Virginia Woolf and Me

Thursday 24th November

At one point in my life I became more than somewhat obsessed by Virginia Woolf and her writing; it was when I was most alone, after my Paris episode, when for a couple of years I felt I was living in some sort of a cupboard, just blanketing out most of what was going on around me, as some sort of self imposed penance.  I devoured ‘The Voyage Out’ and ‘Mrs Dalloway’ and then turned ‘To The Lighthouse’ and ‘Orlando’, but after reading ‘The Waves’ I had begun to run out of steam, and apart from reading ‘A Room of One’s Own’ a few years later I haven’t bothered to go back to her.  I suppose I became Virginia-ed out, as they say nowadays.

She isn’t so very popular anymore, but you still find a few of her novels in Penguins in most semi-decent bookshops, so she is still read by some people, though I suspect that this may be more because they have to, on some English Literature course, than through pure choice.  The whole Bloomsbury Group seems not to hold the fascination over the young that they used to in the sixties and seventies.  We were introduced to them at school, by our Art teacher, old Jack Trodd, who came in three afternoons a week to take the older girls for ‘Art Appreciation’, which I found far more interesting than actually drawing or attempting to paint still-life bowls of fruit, which was what passed for Art at our school.  He used to love to waffle on about different movements in Art, and was largely responsible for my initial interest in the Impressionists, and one day he got onto the subject of The Bloomsbury Set, a loose group of artists and writers and even an economist or two, who seemed to share ideas about Art, Literature and Society in general.  They were incredibly influential in the late twenties and thirties, and I have kept up my interest in them over the years and still look out for new books about them.  Virginia Woolf was probably the most famous writer in the Group, and certainly I enjoyed her work far more than say Lytton Strachey and in her own way she changed the very meaning of the idea of a novel.  Before Virginia, novels tended to be fairly straight forward narratives with a beginning, a middle and an end, and some actual story to tell, but she seemed to create the whole book out of the consciousness of her characters and what they are feeling, drifting off on tangents of thought and sometimes losing the reader altogether, so that you had to backtrack and reread a few pages to work out what is maybe happening.  But the writing is so beautiful, poetic and expressive without being at all soppy, especially Orlando, which tells the story of a boy who becomes a man over several centuries and lives without appearing to age significantly, even changing sex into a woman at one point.  And of course Virginia was quite repressed sexually and apparently her marriage was open to the point of her having a long and passionate affair with another married woman Vita Sackville-West, possibly the great love of her life.

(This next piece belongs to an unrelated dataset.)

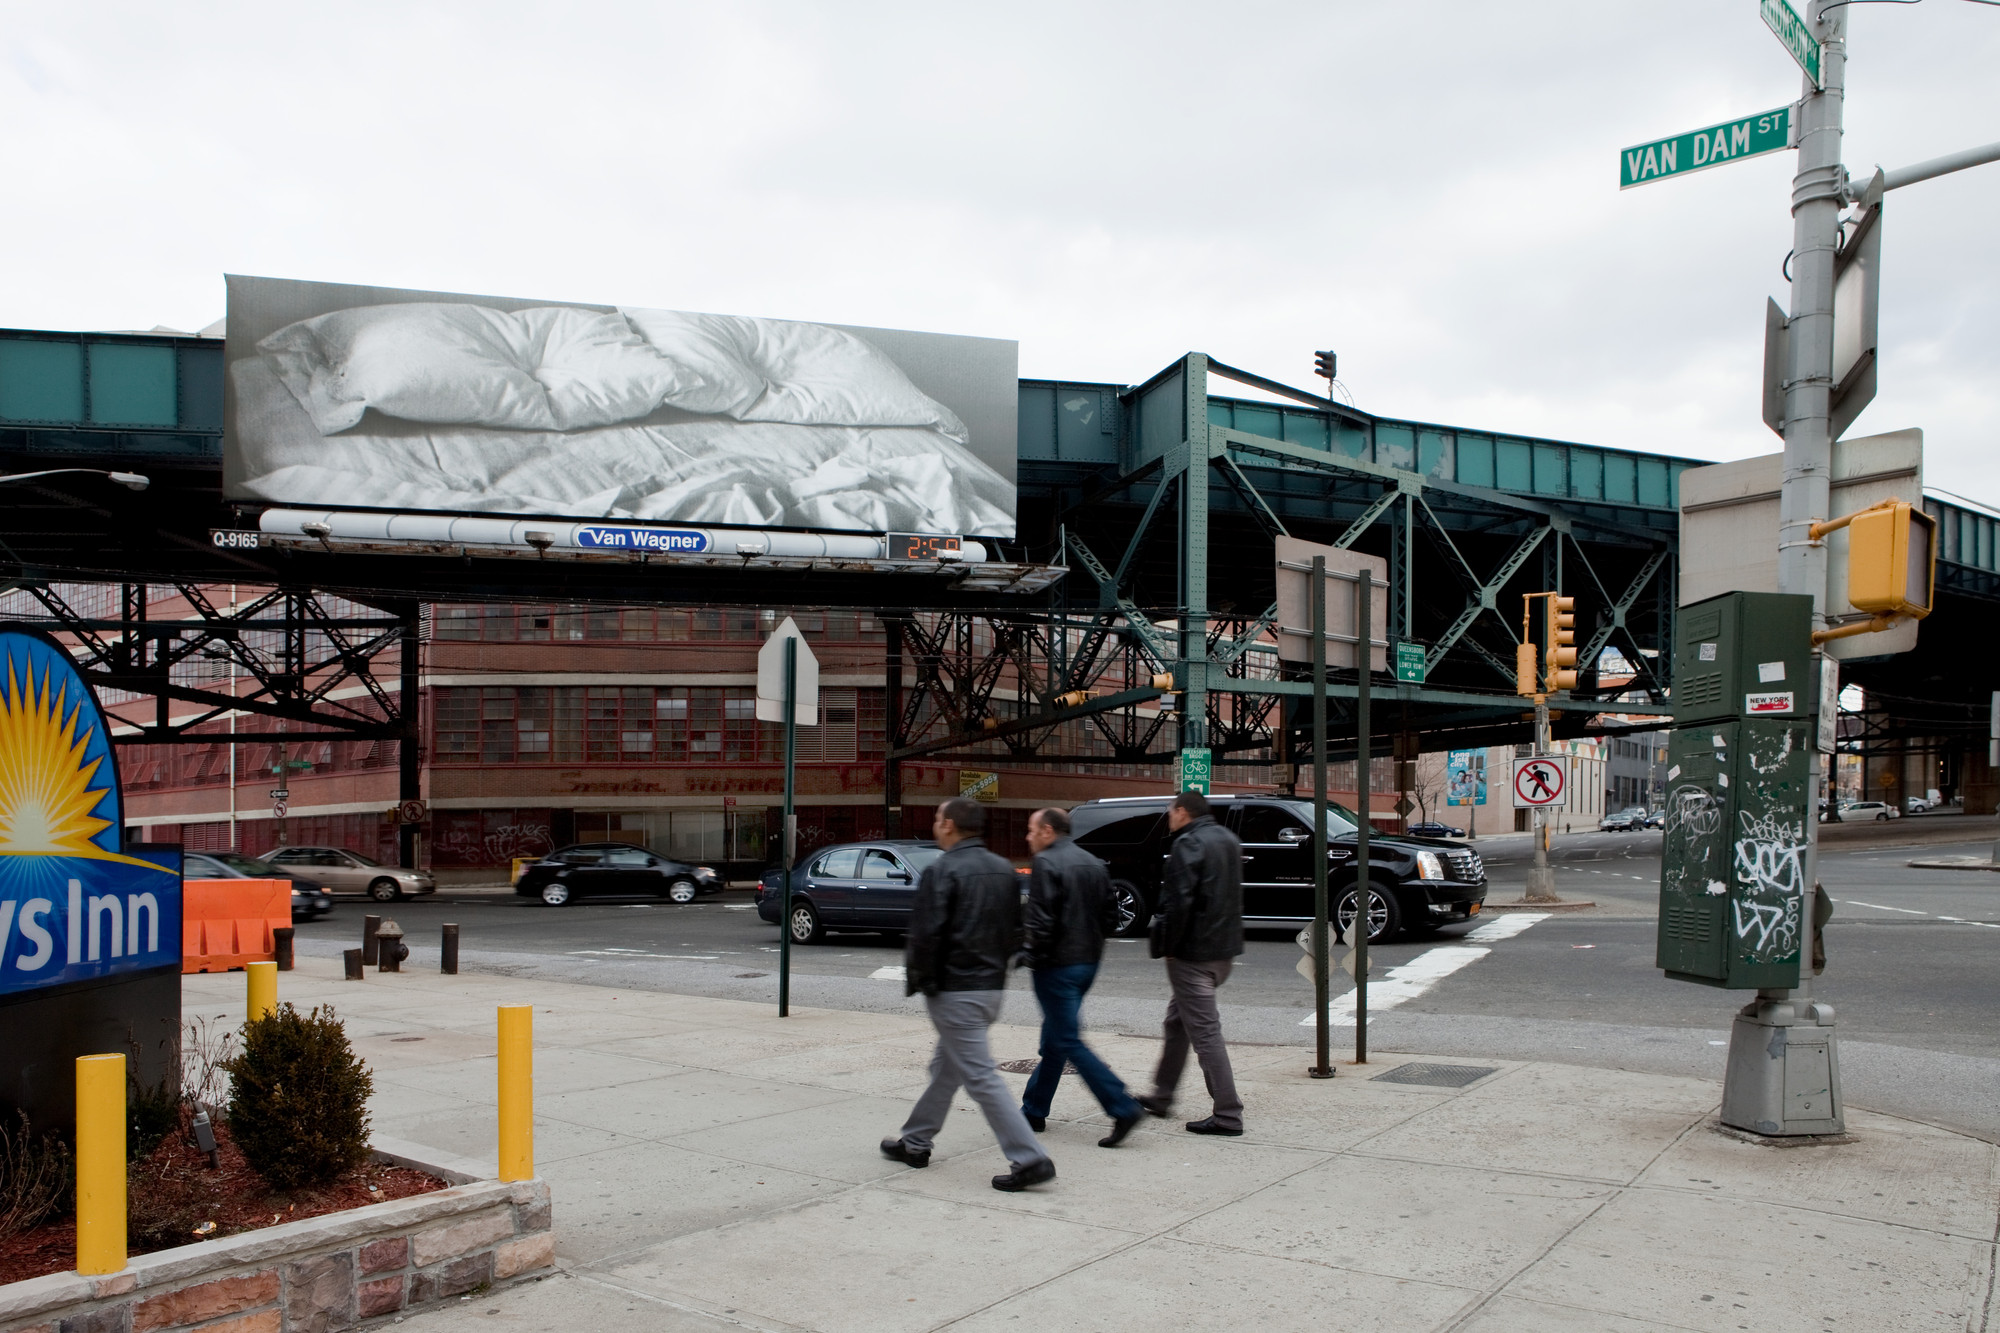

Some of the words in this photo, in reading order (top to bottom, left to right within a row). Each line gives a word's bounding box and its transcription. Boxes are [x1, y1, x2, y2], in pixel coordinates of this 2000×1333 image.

I am not sure why I became obsessed with her, if only for a relatively short time, possibly she was the sort of writer I always wanted to be, maybe I was just infatuated with the whole idea of this wealthy but liberated free-thinking woman being able to so freely express thoughts and emotions, while I was living my life at that time as a virtual recluse, of my own making I hasten to add, and so immersing myself in this alter-ego was some sort of substitute for actually living myself.  And in a way, although I stopped reading her I have always been fascinated by her, as a person as much as a writer.  Maybe you never do get over your early infatuations, with either people or writers, a part of them is still inside your head and your heart forever.